Conflict in South Sudan has created Africa’s worst refugee emergency, in terms of numbers affected, and the world’s third-biggest refugee crisis.
Saving lives
After studying medicine in Khartoum, Sudan, Atar practised in Egypt, and in 1997, when Sudan was in the midst of civil war, he established his first hospital in Kurmuk in Blue Nile state.
Braving the risks of aerial bombing and mounting violence, Atar’s team continued to treat casualties of the conflict until 2011, when they were forced to flee across the border to the newly independent South Sudan.
The journey took a month and upon arriving in Bunj, in South Sudan’s Upper Nile state, Atar established his first surgical theatre in an abandoned health centre. Here, he worked long hours to generate funds and train young volunteers to work as nurses and midwives.
Dr Atar’s hospital
Known by his middle name – Atar – he spends most of the long workday on his feet and doesn’t have an office, despite being the senior and only surgeon at the 120-bed, two-theatre facility.

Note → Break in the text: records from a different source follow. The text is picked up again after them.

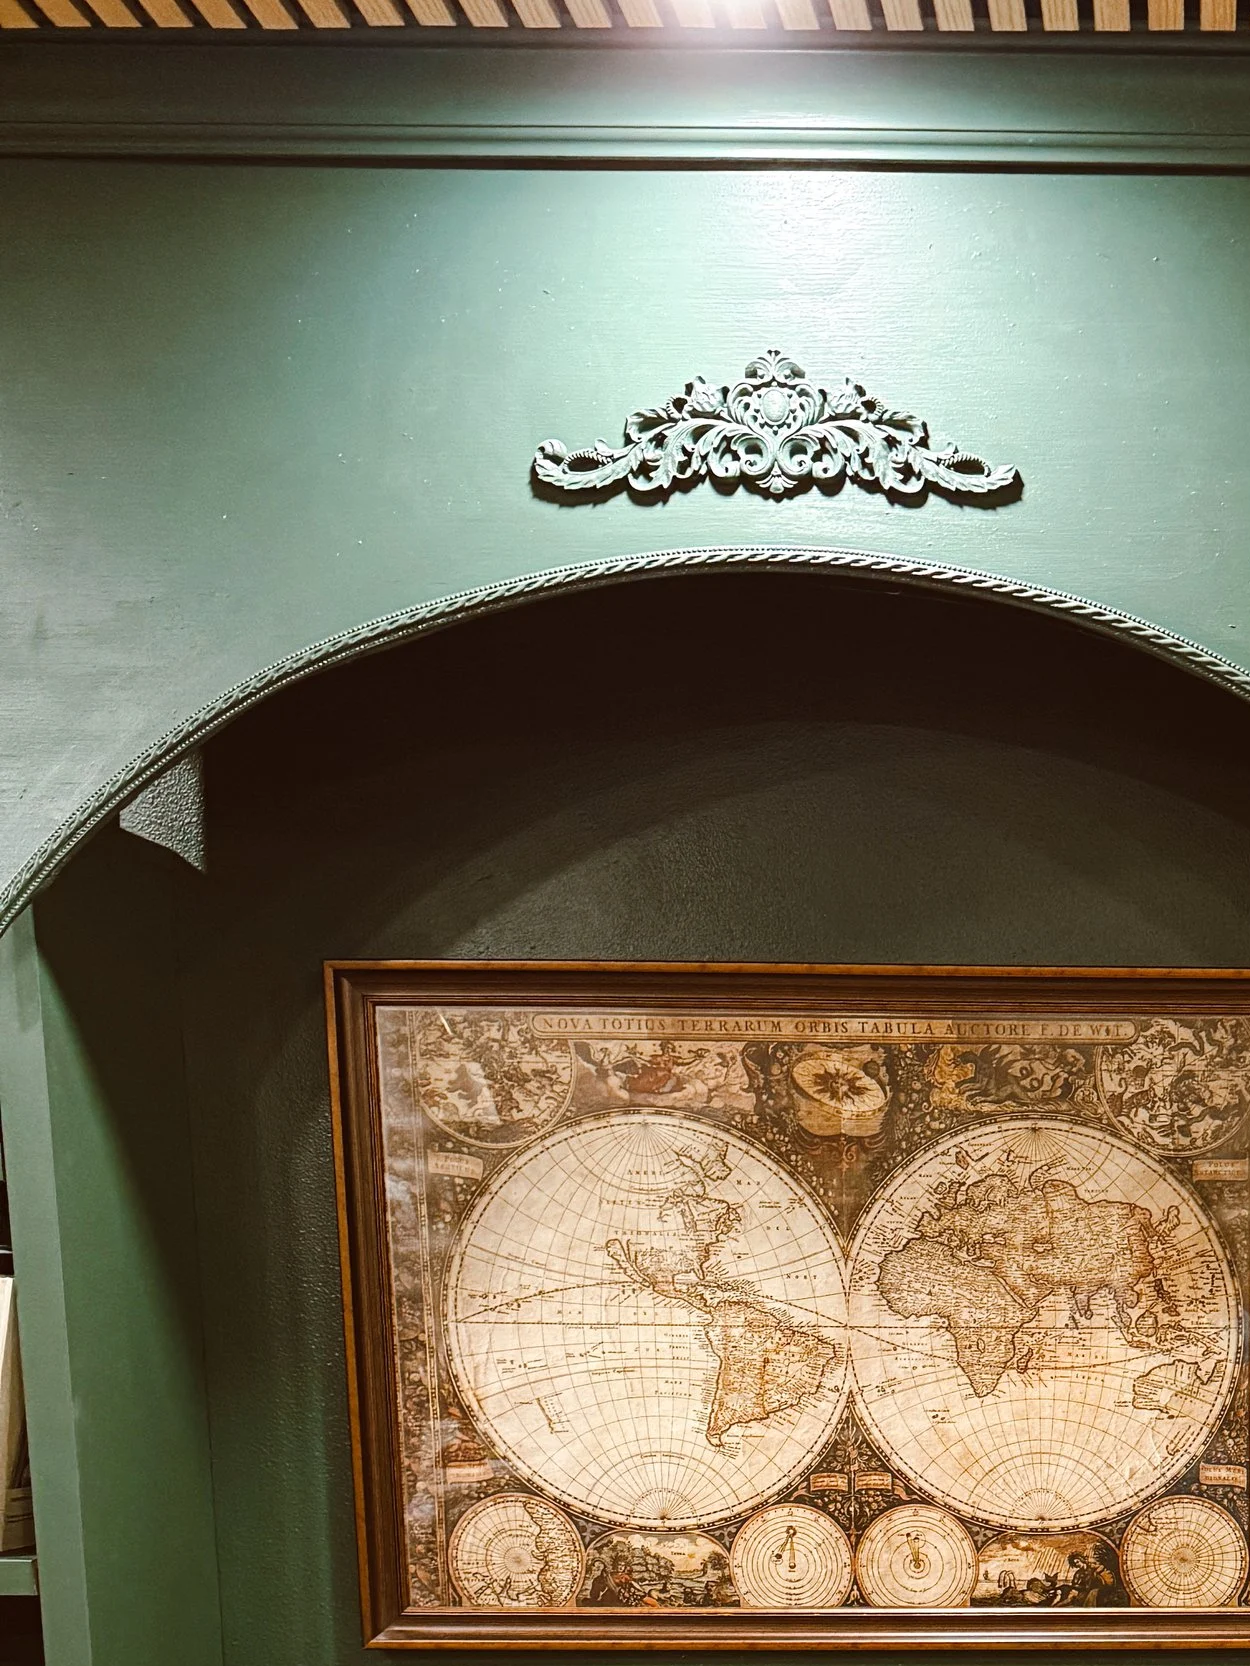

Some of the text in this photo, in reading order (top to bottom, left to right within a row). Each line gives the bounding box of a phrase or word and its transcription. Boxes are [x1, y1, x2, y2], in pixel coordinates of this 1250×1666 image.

[543, 1017, 592, 1031] NOVA
[600, 1017, 667, 1032] TOTIUS
[678, 1019, 783, 1033] TERRARUM
[795, 1020, 850, 1034] ORBIS
[858, 1021, 935, 1035] TABULA
[944, 1022, 1031, 1036] AUCTORE
[1058, 1024, 1083, 1037] DE

“We are here to save lives, not to sit,” he said in a UNHCR article, “There is no lazing around in theatre. We are all equal. We are all a team.”

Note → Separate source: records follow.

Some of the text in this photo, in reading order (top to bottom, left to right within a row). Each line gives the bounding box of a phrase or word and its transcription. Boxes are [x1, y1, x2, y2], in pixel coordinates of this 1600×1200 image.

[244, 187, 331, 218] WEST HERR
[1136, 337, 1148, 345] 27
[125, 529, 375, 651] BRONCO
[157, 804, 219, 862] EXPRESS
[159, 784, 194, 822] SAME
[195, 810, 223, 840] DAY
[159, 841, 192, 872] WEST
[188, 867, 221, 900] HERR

As the only hospital in Upper Nile state, the facility in Bunj is open around the clock. With basic conditions and a lack of resources and equipment, Atar’s team somehow manage to perform 58 operations on average each week, saving countless lives.
The medical brain drain
Although Atar’s current doctor-to-patient ratio in South Sudan is an extreme case, other parts of Africa and the wider developing world are also facing serious shortages of medical professionals.
According to the World Bank and World Health Organization, more than half the global population do not receive the essential medical services they need, and 800 million people spend at least 10% of their household budget on health care.
The allure of high salaries and improved living standards has resulted in an exodus from low-income nations of medical professionals who are plugging skills gaps in the hospitals of wealthy countries.
To make matters worse, medical students from low- and middle-income nations who study in developed countries often choose to stay and work there rather than use their training in their home country. For instance, a United States Agency for International Aid (USAID) report shows over 50% of doctors from Kenya practise their profession overseas.
This is even the case even when overseas medical training is sponsored by the government of the student’s home nation. In Trinidad, doctors who train overseas are required to return home and work for a minimum of five years to earn their government scholarships.
To halt the exodus and address this imbalance, governments need to find ways to incentivize overseas-trained doctors, nurses and healthcare workers to return home and work in local communities.